Your objective: Return all of the material that follows, keeping each line exactly as it is.

Working data:
---------------
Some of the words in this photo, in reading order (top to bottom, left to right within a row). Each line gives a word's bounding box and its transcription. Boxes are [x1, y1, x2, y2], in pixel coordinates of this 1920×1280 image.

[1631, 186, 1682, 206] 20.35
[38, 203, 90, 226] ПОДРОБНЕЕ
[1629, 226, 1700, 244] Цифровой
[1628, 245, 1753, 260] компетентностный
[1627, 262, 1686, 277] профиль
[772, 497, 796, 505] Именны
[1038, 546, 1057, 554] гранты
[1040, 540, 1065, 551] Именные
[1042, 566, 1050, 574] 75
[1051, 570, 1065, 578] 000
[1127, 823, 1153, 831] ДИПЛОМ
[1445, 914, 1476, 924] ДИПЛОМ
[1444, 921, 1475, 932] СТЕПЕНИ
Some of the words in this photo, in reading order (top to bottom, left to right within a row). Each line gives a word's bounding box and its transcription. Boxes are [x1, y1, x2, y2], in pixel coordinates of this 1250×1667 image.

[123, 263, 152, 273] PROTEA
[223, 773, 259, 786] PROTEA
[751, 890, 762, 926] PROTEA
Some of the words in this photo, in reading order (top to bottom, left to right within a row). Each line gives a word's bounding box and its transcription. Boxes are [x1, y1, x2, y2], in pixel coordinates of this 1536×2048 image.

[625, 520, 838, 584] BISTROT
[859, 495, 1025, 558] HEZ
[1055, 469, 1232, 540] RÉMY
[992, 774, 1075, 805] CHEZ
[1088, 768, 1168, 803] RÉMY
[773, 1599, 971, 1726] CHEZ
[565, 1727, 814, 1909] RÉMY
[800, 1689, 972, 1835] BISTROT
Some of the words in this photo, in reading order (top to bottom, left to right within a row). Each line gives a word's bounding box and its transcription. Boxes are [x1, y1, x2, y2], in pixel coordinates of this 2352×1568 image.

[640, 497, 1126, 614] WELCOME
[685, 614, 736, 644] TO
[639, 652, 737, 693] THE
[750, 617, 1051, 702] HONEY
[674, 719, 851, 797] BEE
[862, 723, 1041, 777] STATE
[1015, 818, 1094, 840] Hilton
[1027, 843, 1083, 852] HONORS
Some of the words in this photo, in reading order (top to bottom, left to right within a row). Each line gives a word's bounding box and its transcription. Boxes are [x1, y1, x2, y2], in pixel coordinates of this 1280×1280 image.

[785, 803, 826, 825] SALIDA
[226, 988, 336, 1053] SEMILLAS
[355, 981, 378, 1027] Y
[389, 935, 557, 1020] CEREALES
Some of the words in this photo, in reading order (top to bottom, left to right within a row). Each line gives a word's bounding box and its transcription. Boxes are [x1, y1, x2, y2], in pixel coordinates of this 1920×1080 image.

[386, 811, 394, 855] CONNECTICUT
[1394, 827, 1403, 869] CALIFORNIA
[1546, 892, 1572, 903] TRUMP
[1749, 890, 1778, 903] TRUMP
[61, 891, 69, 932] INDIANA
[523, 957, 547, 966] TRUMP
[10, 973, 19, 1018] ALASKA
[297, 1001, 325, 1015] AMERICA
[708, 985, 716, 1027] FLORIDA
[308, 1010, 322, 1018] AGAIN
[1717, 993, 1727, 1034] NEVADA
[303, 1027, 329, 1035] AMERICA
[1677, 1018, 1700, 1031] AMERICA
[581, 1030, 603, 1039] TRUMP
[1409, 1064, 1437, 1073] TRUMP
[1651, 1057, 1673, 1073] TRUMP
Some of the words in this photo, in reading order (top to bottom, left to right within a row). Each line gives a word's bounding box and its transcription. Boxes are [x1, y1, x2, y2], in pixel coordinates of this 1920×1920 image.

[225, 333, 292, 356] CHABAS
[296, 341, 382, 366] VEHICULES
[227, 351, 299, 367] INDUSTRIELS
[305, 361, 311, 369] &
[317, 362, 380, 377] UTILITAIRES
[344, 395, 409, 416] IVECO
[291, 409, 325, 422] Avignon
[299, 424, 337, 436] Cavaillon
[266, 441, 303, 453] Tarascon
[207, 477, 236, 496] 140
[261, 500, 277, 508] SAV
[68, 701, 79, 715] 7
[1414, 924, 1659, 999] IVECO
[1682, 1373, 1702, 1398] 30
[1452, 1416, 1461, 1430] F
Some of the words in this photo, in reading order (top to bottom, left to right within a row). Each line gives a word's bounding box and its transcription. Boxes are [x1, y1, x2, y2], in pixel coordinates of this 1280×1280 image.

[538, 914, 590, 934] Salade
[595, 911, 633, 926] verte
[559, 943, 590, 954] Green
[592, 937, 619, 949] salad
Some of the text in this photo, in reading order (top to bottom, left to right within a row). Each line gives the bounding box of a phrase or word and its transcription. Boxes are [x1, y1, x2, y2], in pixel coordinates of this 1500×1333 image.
---------------
Task result:
Some of the words in this photo, in reading order (top to bottom, left to right within a row). Each line gives a word's bounding box and its transcription. Boxes are [x1, y1, x2, y2], in pixel coordinates of this 1920×1280 image.

[1631, 186, 1682, 206] 20.35
[38, 203, 90, 226] ПОДРОБНЕЕ
[1629, 226, 1700, 244] Цифровой
[1628, 245, 1753, 260] компетентностный
[1627, 262, 1686, 277] профиль
[772, 497, 796, 505] Именны
[1038, 546, 1057, 554] гранты
[1040, 540, 1065, 551] Именные
[1042, 566, 1050, 574] 75
[1051, 570, 1065, 578] 000
[1127, 823, 1153, 831] ДИПЛОМ
[1445, 914, 1476, 924] ДИПЛОМ
[1444, 921, 1475, 932] СТЕПЕНИ
Some of the words in this photo, in reading order (top to bottom, left to right within a row). Each line gives a word's bounding box and its transcription. Boxes are [x1, y1, x2, y2], in pixel coordinates of this 1250×1667 image.

[123, 263, 152, 273] PROTEA
[223, 773, 259, 786] PROTEA
[751, 890, 762, 926] PROTEA
Some of the words in this photo, in reading order (top to bottom, left to right within a row). Each line gives a word's bounding box and its transcription. Boxes are [x1, y1, x2, y2], in pixel coordinates of this 1536×2048 image.

[625, 520, 838, 584] BISTROT
[859, 495, 1025, 558] HEZ
[1055, 469, 1232, 540] RÉMY
[992, 774, 1075, 805] CHEZ
[1088, 768, 1168, 803] RÉMY
[773, 1599, 971, 1726] CHEZ
[565, 1727, 814, 1909] RÉMY
[800, 1689, 972, 1835] BISTROT
Some of the words in this photo, in reading order (top to bottom, left to right within a row). Each line gives a word's bounding box and its transcription. Boxes are [x1, y1, x2, y2], in pixel coordinates of this 2352×1568 image.

[640, 497, 1126, 614] WELCOME
[685, 614, 736, 644] TO
[639, 652, 737, 693] THE
[750, 617, 1051, 702] HONEY
[674, 719, 851, 797] BEE
[862, 723, 1041, 777] STATE
[1015, 818, 1094, 840] Hilton
[1027, 843, 1083, 852] HONORS
Some of the words in this photo, in reading order (top to bottom, left to right within a row). Each line gives a word's bounding box and its transcription. Boxes are [x1, y1, x2, y2], in pixel coordinates of this 1280×1280 image.

[785, 803, 826, 825] SALIDA
[226, 988, 336, 1053] SEMILLAS
[355, 981, 378, 1027] Y
[389, 935, 557, 1020] CEREALES
Some of the words in this photo, in reading order (top to bottom, left to right within a row). Each line gives a word's bounding box and its transcription. Boxes are [x1, y1, x2, y2], in pixel coordinates of this 1920×1080 image.

[386, 811, 394, 855] CONNECTICUT
[1394, 827, 1403, 869] CALIFORNIA
[1546, 892, 1572, 903] TRUMP
[1749, 890, 1778, 903] TRUMP
[61, 891, 69, 932] INDIANA
[523, 957, 547, 966] TRUMP
[10, 973, 19, 1018] ALASKA
[297, 1001, 325, 1015] AMERICA
[708, 985, 716, 1027] FLORIDA
[308, 1010, 322, 1018] AGAIN
[1717, 993, 1727, 1034] NEVADA
[303, 1027, 329, 1035] AMERICA
[1677, 1018, 1700, 1031] AMERICA
[581, 1030, 603, 1039] TRUMP
[1409, 1064, 1437, 1073] TRUMP
[1651, 1057, 1673, 1073] TRUMP
Some of the words in this photo, in reading order (top to bottom, left to right within a row). Each line gives a word's bounding box and its transcription. Boxes are [x1, y1, x2, y2], in pixel coordinates of this 1920×1920 image.

[225, 333, 292, 356] CHABAS
[296, 341, 382, 366] VEHICULES
[227, 351, 299, 367] INDUSTRIELS
[305, 361, 311, 369] &
[317, 362, 380, 377] UTILITAIRES
[344, 395, 409, 416] IVECO
[291, 409, 325, 422] Avignon
[299, 424, 337, 436] Cavaillon
[266, 441, 303, 453] Tarascon
[207, 477, 236, 496] 140
[261, 500, 277, 508] SAV
[68, 701, 79, 715] 7
[1414, 924, 1659, 999] IVECO
[1682, 1373, 1702, 1398] 30
[1452, 1416, 1461, 1430] F
Some of the words in this photo, in reading order (top to bottom, left to right within a row). Each line gives a word's bounding box and its transcription. Boxes are [x1, y1, x2, y2], in pixel coordinates of this 1280×1280 image.

[538, 914, 590, 934] Salade
[595, 911, 633, 926] verte
[559, 943, 590, 954] Green
[592, 937, 619, 949] salad
Some of the text in this photo, in reading order (top to bottom, left to right within a row). Each line gives the bounding box of a phrase or word and its transcription. Boxes are [x1, y1, x2, y2], in pixel coordinates of this 1500×1333 image.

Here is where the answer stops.